The school includes all required elements of an information security program:

  • Designated Coordinators. The school designates an employee or employees to coordinate its information security program.
  • Risk assessment. The school identifies reasonable foreseeable internal and external risks to the security, confidentiality, and integrity of customer information that could result in the unauthorized disclosure, misuse, alteration, destruction, or other compromise of such information, and assesses the sufficiency of any safeguards in place to control these risks. At a minimum, the school’s risk assessment includes consideration of risks in each relevant area of operations including:
    • Employee training and management
    • Information systems, including network and software design, as well as information processing, storage, transmission, and disposal
    • Detecting, preventing, and responding to attacks, intrusions, or other systems failures
  • Safeguards testing/monitoring. The school has implemented information safeguards to control the risks it identifies through risk assessment, and regularly tests or otherwise monitors the effectiveness of the safeguards’ key controls, systems, and procedures.

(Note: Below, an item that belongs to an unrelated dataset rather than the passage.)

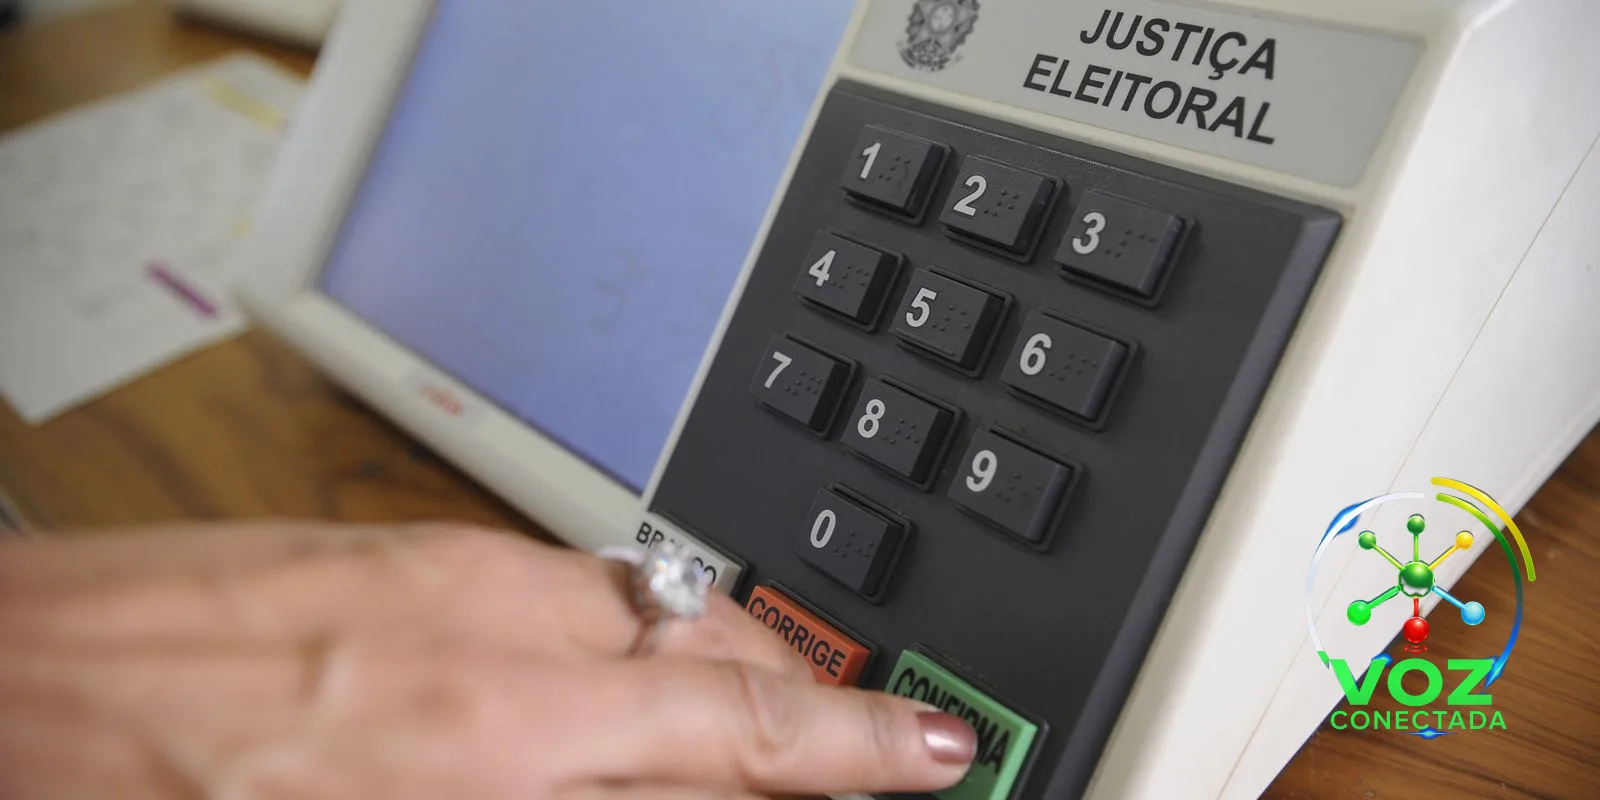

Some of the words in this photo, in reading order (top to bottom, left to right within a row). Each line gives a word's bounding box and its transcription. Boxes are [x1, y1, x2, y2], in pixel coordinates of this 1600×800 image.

  • Evaluation & Adjustment. The school evaluates and adjusts its information security program in light of the results of the required testing and monitoring, as well as for any material changes to its operations or business arrangements or any other circumstances that it has reason to know may have a material impact on the school’s information security program.
  • Overseeing service providers. The school takes reasonable steps to select and retain service providers that are capable of maintaining appropriate safeguards for the customer information at issue and requires the service providers by contract to implement and maintain such safeguards.